Hong trusted Kim Min-Jae to marshal the back three with Lee Han-Beom and Lee Gi-Hyuk either side, while Lee Tae-Seok and Seol Young-Woo gave the structure width. H. Gómez countered with a 5-3-2 that asked Nathan Ordaz and Styven Vásquez to run the channels, but El Salvador spent most of the night camped inside their own third, content to absorb.

The first half was South Korean territory. Hwang In-Beom set the tempo until his yellow card in the 17th minute and probed with two shots on target. Lee Dong-Gyeong twice slipped between the lines yet Mario González stood firm. El Salvador rarely crossed halfway, their lone flash a break halted when Mauricio Cerritos collected a caution in the 45+2nd minute.

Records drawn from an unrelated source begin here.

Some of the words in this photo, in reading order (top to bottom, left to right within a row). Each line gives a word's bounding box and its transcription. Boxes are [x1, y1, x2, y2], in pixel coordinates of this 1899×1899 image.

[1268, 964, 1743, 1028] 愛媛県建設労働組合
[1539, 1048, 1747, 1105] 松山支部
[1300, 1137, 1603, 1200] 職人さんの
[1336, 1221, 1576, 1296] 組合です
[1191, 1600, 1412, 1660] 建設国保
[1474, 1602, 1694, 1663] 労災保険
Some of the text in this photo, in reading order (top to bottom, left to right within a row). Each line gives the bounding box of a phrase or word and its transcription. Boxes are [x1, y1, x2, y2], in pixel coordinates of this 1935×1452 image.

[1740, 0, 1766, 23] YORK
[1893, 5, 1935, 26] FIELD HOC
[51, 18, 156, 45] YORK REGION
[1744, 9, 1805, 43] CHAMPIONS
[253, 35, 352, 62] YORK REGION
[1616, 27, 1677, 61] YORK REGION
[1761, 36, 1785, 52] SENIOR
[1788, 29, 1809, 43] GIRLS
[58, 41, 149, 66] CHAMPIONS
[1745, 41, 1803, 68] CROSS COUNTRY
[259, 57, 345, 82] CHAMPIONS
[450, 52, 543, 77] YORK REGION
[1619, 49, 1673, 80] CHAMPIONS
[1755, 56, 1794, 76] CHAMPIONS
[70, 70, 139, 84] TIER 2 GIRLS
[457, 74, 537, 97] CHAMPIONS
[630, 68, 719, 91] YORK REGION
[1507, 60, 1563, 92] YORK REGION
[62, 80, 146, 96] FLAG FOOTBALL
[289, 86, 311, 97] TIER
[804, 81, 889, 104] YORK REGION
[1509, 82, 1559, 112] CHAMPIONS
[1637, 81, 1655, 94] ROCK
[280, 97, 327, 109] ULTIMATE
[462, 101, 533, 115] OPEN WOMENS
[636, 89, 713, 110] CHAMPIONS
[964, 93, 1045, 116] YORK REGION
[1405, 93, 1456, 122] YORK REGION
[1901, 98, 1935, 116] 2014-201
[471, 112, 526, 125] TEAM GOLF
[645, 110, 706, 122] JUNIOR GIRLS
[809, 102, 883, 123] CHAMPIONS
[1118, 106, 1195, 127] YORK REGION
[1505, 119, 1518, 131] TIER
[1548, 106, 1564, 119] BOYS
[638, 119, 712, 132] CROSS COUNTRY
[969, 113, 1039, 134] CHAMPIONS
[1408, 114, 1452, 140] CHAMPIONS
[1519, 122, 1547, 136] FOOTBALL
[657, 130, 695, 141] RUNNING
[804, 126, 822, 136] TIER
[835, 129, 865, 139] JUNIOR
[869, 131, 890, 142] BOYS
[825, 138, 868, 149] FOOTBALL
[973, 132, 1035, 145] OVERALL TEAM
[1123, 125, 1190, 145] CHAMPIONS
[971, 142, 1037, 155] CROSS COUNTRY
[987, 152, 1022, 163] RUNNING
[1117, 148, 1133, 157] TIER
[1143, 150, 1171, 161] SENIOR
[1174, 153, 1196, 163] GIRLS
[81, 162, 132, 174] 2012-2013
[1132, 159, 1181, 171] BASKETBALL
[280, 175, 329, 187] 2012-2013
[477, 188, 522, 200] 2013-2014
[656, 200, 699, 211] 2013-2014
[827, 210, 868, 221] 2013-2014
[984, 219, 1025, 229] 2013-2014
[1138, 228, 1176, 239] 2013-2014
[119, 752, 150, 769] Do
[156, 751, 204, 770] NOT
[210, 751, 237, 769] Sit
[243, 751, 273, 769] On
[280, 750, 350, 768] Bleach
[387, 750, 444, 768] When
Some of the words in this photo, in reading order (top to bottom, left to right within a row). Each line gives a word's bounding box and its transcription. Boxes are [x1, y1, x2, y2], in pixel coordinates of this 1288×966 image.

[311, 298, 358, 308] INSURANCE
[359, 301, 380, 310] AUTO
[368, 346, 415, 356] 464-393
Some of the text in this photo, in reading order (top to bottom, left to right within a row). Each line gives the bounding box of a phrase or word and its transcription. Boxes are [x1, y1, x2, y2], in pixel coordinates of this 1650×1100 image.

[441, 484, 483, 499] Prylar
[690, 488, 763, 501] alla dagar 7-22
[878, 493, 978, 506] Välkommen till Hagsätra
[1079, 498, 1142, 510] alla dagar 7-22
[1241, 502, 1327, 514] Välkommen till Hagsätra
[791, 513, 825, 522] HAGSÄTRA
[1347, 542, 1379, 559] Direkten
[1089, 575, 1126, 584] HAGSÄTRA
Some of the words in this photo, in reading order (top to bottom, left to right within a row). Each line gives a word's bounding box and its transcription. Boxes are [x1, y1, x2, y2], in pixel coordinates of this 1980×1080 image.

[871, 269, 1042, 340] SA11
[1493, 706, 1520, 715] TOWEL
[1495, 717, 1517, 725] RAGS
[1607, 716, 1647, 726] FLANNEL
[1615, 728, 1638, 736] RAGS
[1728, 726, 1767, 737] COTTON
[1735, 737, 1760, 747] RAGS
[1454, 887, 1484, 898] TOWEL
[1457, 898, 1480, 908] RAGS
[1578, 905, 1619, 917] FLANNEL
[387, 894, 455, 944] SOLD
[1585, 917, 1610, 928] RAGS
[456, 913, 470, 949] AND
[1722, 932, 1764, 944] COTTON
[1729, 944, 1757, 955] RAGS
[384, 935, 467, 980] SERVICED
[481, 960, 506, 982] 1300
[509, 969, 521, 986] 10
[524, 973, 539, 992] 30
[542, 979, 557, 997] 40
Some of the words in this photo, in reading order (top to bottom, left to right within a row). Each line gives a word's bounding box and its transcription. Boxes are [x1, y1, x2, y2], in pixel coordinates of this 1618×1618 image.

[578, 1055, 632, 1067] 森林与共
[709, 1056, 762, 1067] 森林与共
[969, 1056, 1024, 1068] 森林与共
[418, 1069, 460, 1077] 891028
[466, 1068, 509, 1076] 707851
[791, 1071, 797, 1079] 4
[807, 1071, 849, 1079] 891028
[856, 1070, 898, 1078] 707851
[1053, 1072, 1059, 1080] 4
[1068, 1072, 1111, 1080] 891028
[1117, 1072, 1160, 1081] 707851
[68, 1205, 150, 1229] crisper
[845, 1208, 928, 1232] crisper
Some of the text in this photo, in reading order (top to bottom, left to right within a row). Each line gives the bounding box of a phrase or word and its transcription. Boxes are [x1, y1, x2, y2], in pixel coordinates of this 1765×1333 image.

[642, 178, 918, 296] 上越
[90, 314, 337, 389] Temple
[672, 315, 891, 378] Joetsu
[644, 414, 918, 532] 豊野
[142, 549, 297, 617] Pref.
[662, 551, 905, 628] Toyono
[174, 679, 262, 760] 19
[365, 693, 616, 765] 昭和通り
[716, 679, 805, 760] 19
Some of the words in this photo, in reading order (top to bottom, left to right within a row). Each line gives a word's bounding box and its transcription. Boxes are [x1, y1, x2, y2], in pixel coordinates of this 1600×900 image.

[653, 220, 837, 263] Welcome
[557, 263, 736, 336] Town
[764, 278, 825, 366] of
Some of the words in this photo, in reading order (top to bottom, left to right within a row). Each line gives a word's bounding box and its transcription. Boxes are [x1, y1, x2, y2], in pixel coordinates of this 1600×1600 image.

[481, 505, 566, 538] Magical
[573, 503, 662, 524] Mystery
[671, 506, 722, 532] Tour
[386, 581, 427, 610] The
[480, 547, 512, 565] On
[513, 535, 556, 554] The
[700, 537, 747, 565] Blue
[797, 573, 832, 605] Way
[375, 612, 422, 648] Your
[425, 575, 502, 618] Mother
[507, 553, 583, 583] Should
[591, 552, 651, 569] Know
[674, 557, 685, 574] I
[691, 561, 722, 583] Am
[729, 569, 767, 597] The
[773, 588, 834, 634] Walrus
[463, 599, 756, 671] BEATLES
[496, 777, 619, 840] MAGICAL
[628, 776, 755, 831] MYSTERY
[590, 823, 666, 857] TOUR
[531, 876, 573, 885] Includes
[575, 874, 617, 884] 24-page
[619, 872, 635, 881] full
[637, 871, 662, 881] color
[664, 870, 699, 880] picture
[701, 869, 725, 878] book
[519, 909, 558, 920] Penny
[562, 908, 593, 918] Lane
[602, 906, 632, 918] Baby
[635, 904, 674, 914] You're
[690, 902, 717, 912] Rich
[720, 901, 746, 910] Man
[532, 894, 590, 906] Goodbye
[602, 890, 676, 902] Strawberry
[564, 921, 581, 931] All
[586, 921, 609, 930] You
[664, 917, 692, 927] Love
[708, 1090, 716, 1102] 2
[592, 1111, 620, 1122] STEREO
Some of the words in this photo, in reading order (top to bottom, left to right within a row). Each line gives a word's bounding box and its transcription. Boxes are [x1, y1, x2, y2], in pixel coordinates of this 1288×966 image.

Hong changed the goalkeeper at half-time, Song Bum-Keun taking over from Kim Seung-Gyu in the 46th minute, and Cho Wi-Je replaced Lee Han-Beom to keep the back line fresh. The reward came eleven minutes later when Lee Dong-Gyeong finally converted territorial pressure, scoring in the 57th minute and justifying his advanced brief behind Cho Gue-Sung.

The coaching staff then unleashed the cavalry in the 62nd and 63rd minutes. Lee Kang-In, Son Heung-Min, Oh Hyeon-Gyu, Yang Hyun-Jun, Paik Seung-Ho, Park Jin-Seob, Kim Jin-gyu, and Jens Castrop all arrived in a pre-planned wave that maintained the press. Paik saw yellow in the 73rd minute, Yang followed in the 87th minute, and Cho Wi-Je completed the disciplinary ledger in the 90+2nd minute, but the rotations kept El Salvador penned in.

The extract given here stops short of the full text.